*** INPUT ***

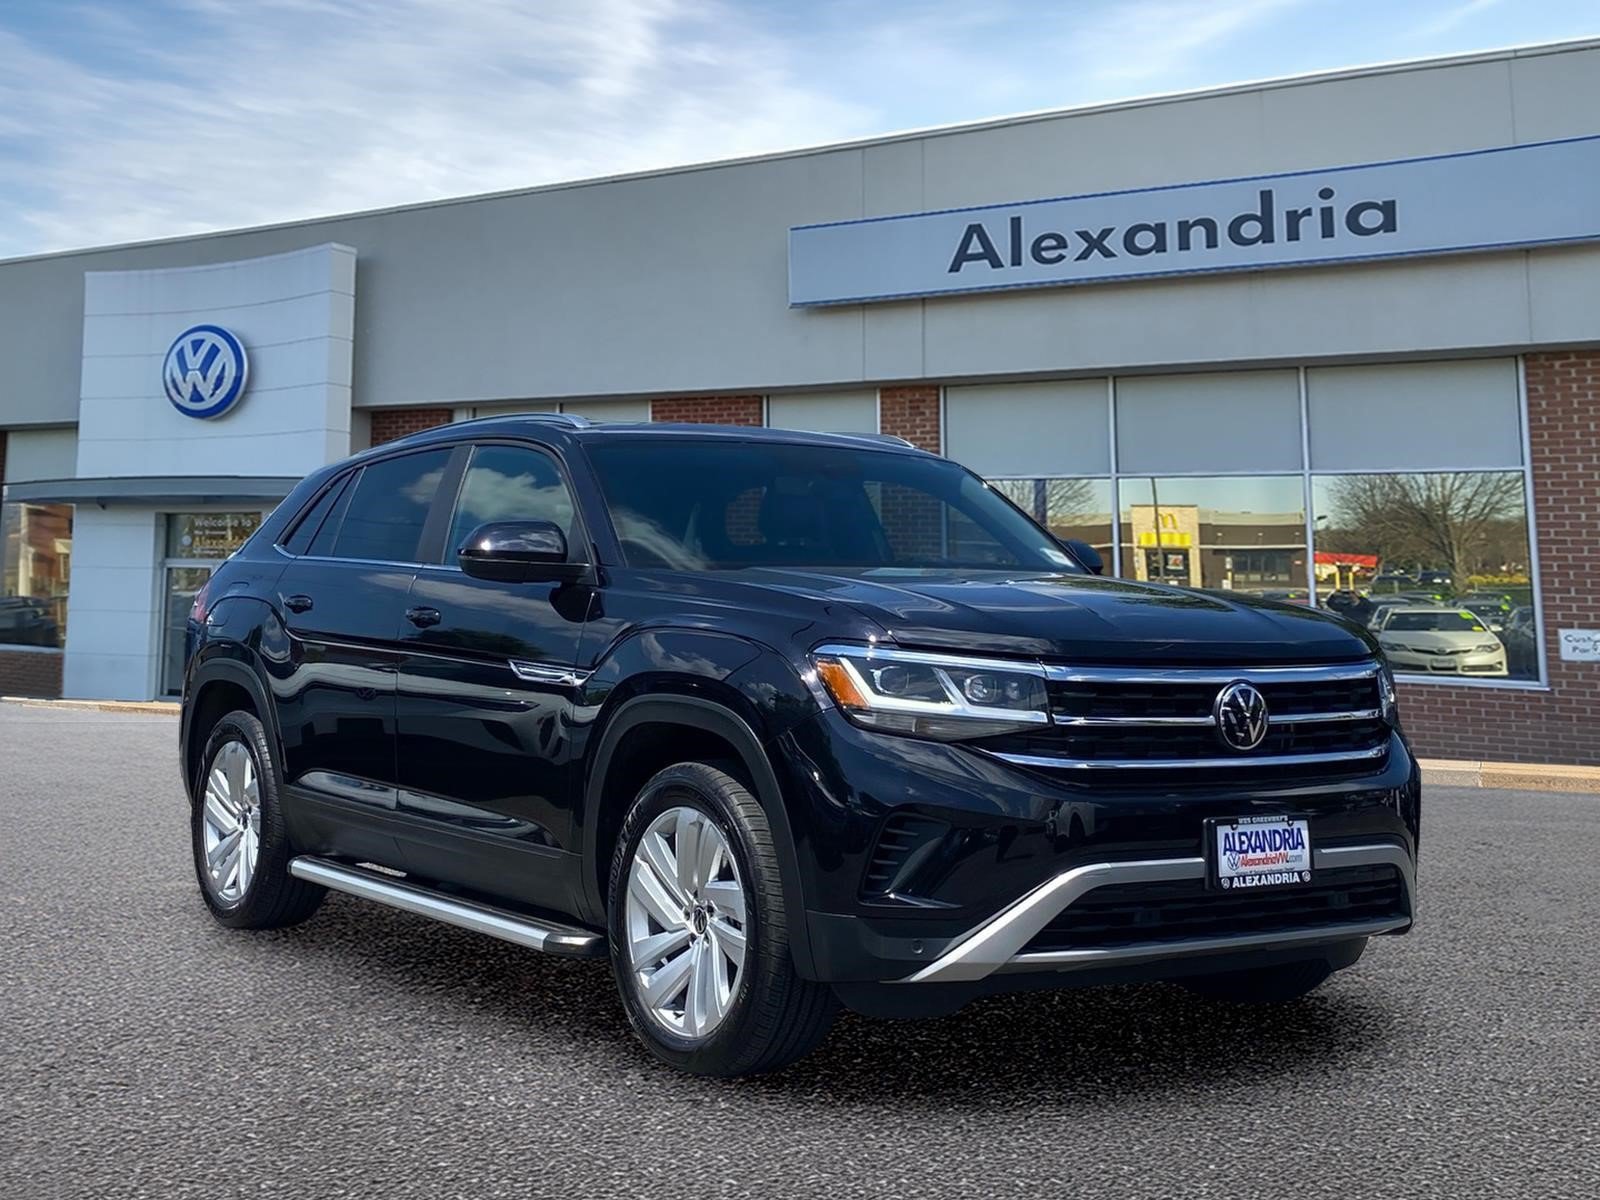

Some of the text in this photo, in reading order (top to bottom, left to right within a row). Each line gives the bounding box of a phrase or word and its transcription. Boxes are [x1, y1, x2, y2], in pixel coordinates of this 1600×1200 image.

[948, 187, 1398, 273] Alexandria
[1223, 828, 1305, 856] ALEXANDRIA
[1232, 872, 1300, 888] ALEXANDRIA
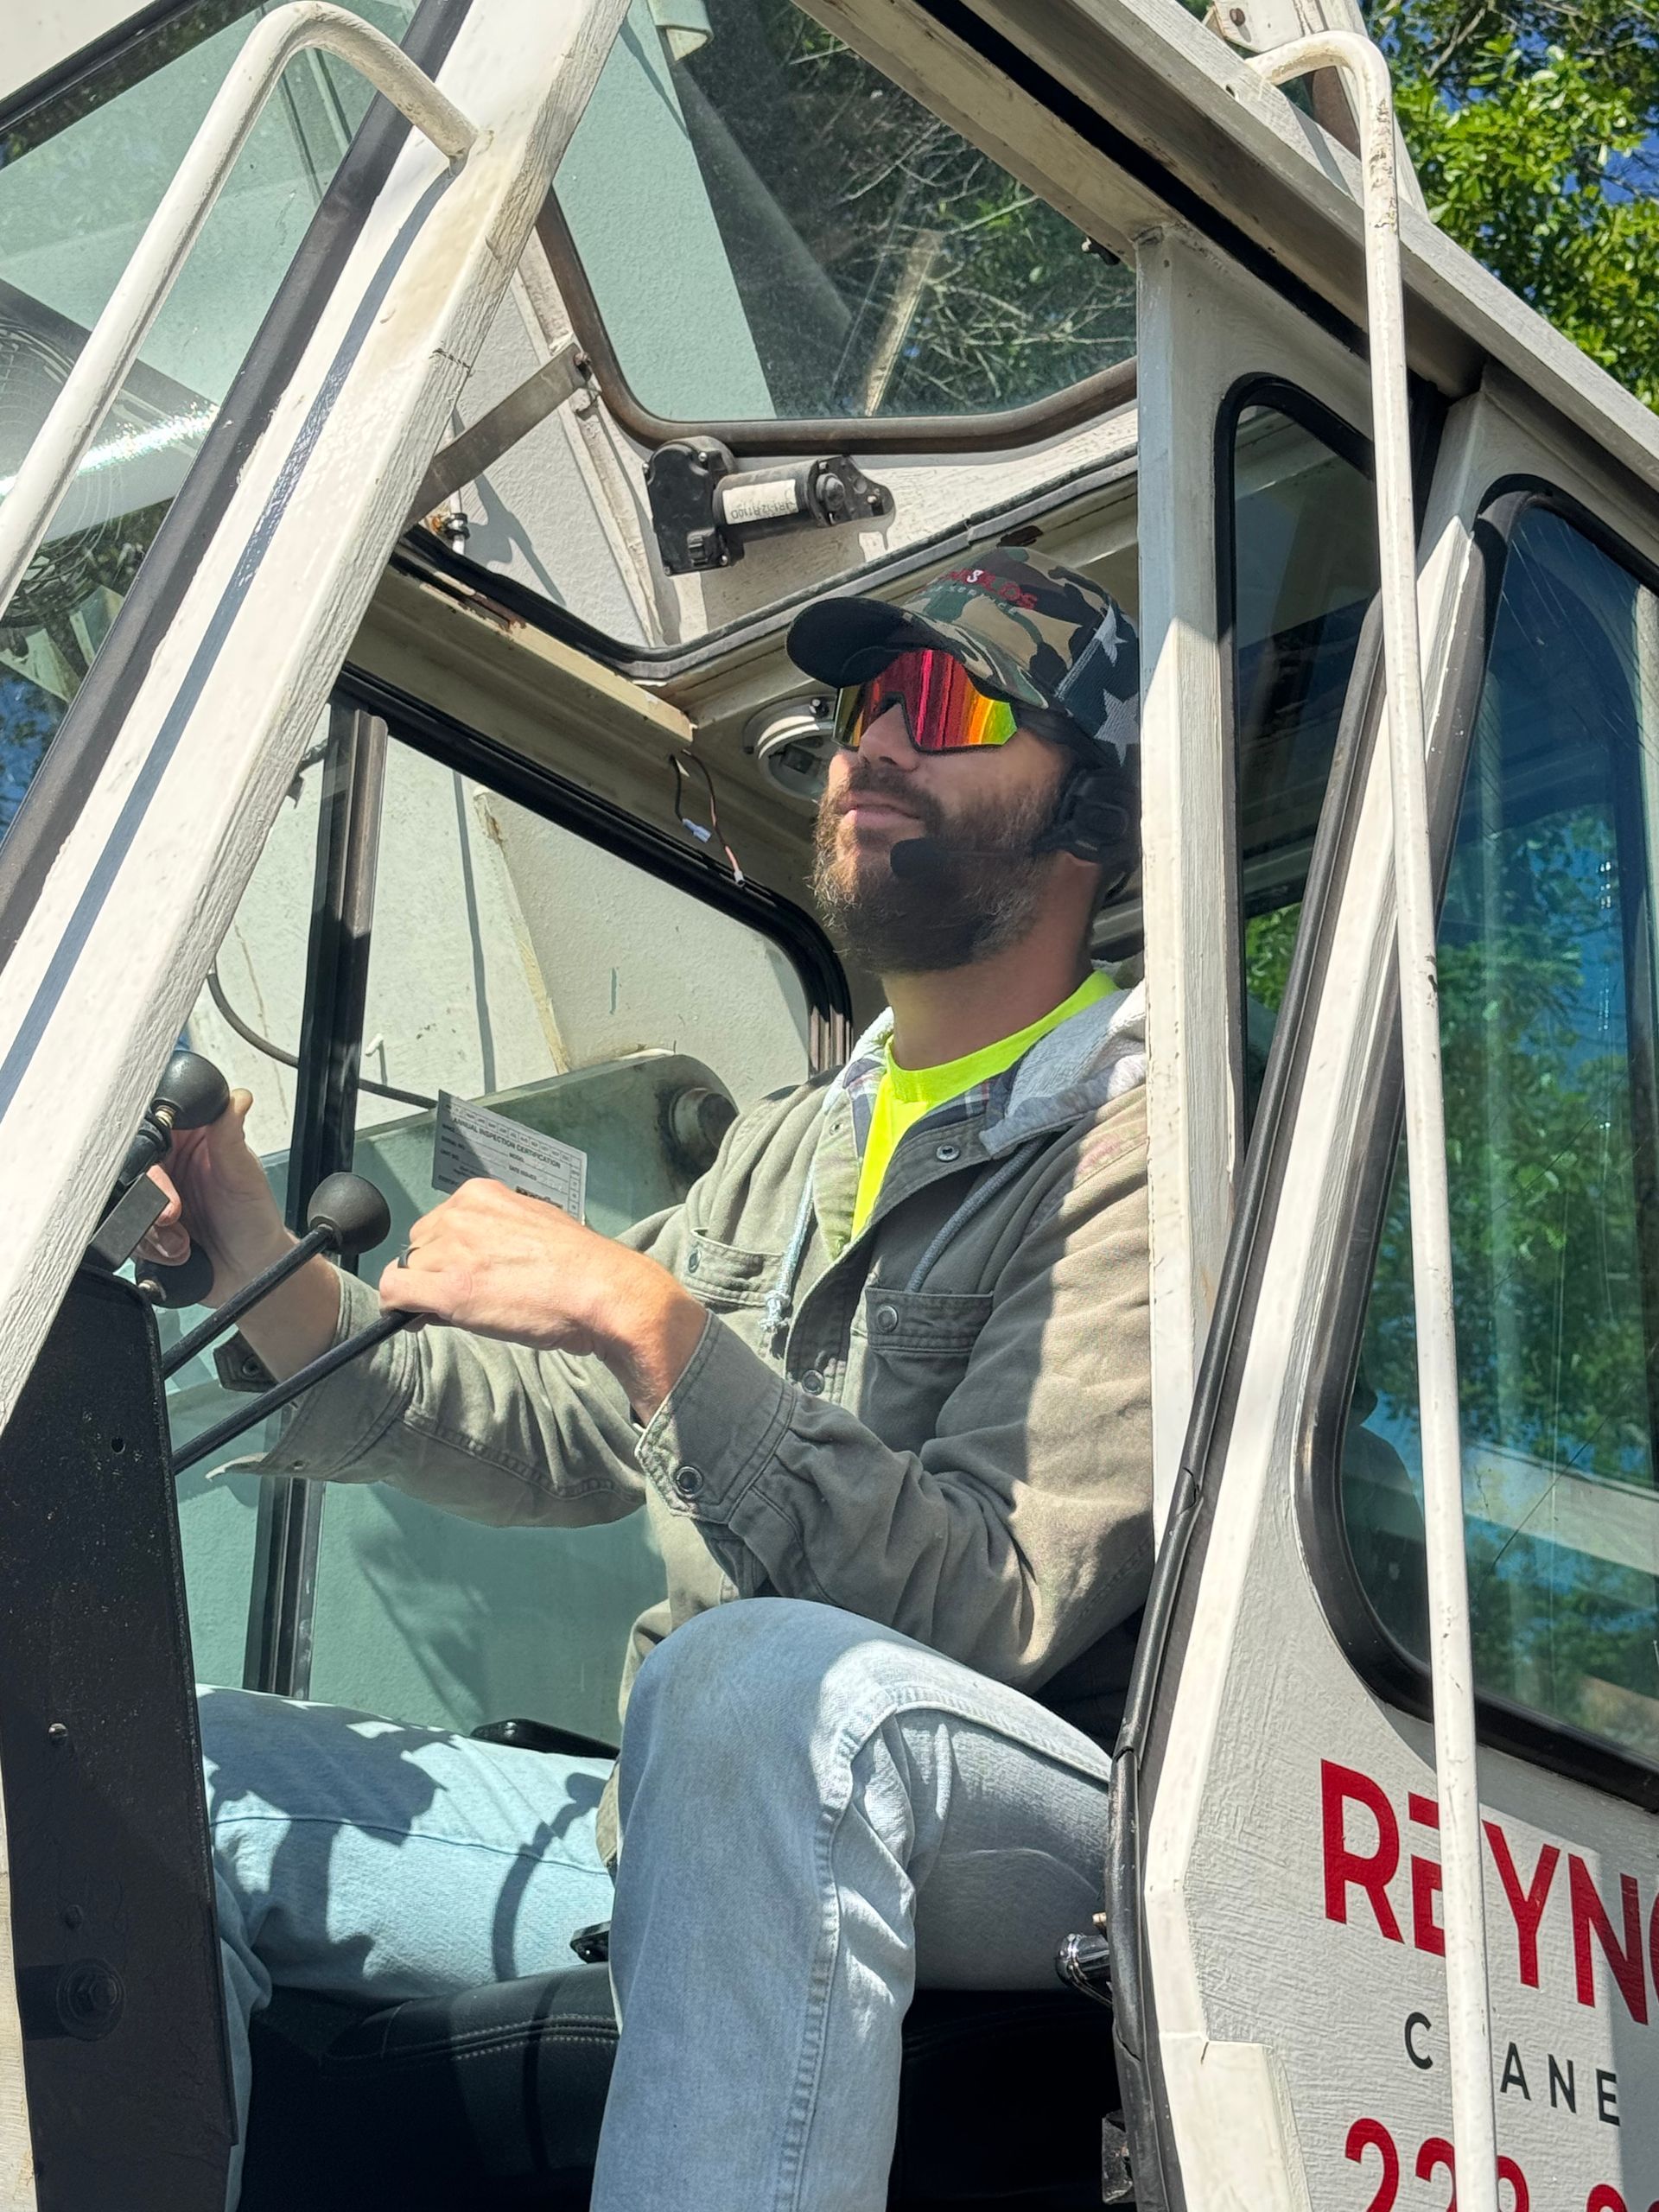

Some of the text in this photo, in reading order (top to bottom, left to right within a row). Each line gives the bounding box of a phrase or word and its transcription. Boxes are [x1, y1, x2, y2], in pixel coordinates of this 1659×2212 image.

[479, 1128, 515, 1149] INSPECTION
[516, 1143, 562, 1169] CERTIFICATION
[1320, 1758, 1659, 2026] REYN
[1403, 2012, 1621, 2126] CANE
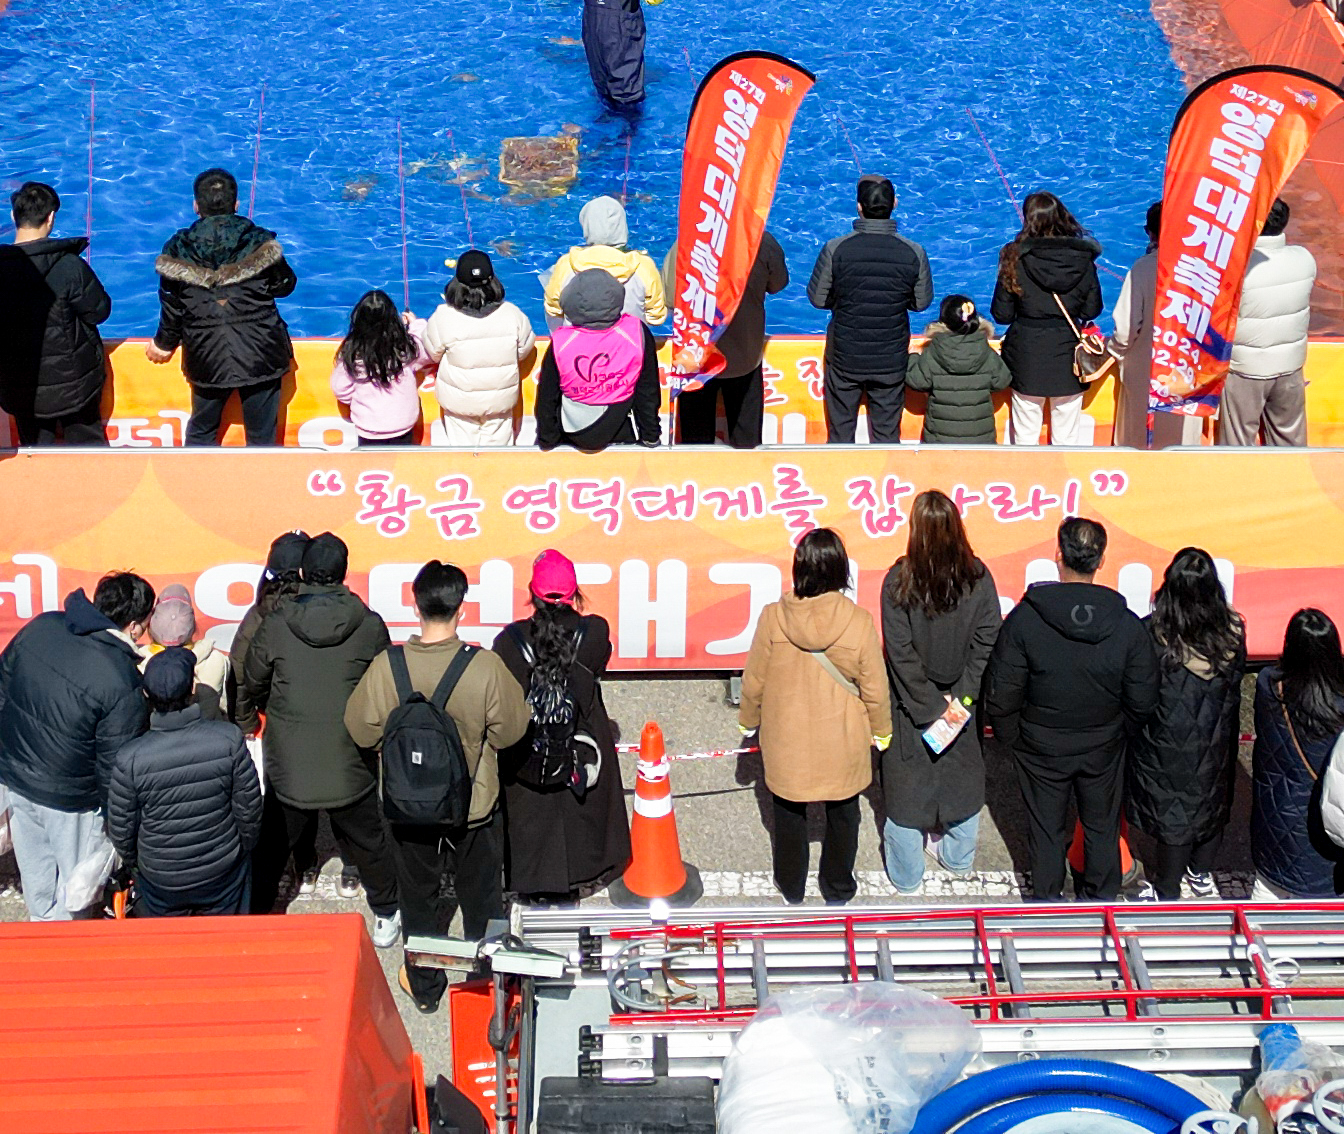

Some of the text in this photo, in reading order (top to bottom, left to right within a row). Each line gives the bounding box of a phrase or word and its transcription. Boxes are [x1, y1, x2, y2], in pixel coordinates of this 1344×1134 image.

*** End of INPUT ***

[PROBLEM TO WORK ON]:
Write out the records above once more, word for word, with no pictures.

[ANSWER AREA]:
Some of the text in this photo, in reading order (top to bottom, left to right within a row). Each line gives the bounding box of a phrase or word and its transcription. Boxes are [x1, y1, x2, y2], in pixel coordinates of this 1600×1200 image.

[948, 187, 1398, 273] Alexandria
[1223, 828, 1305, 856] ALEXANDRIA
[1232, 872, 1300, 888] ALEXANDRIA

Some of the text in this photo, in reading order (top to bottom, left to right within a row). Each line gives the bounding box of a phrase or word and its transcription. Boxes are [x1, y1, x2, y2], in pixel coordinates of this 1659×2212 image.

[479, 1128, 515, 1149] INSPECTION
[516, 1143, 562, 1169] CERTIFICATION
[1320, 1758, 1659, 2026] REYN
[1403, 2012, 1621, 2126] CANE

Some of the text in this photo, in reading order (top to bottom, left to right within a row). Each line gives the bounding box of a phrase or word and its transcription. Boxes are [x1, y1, x2, y2], in pixel coordinates of this 1344×1134 image.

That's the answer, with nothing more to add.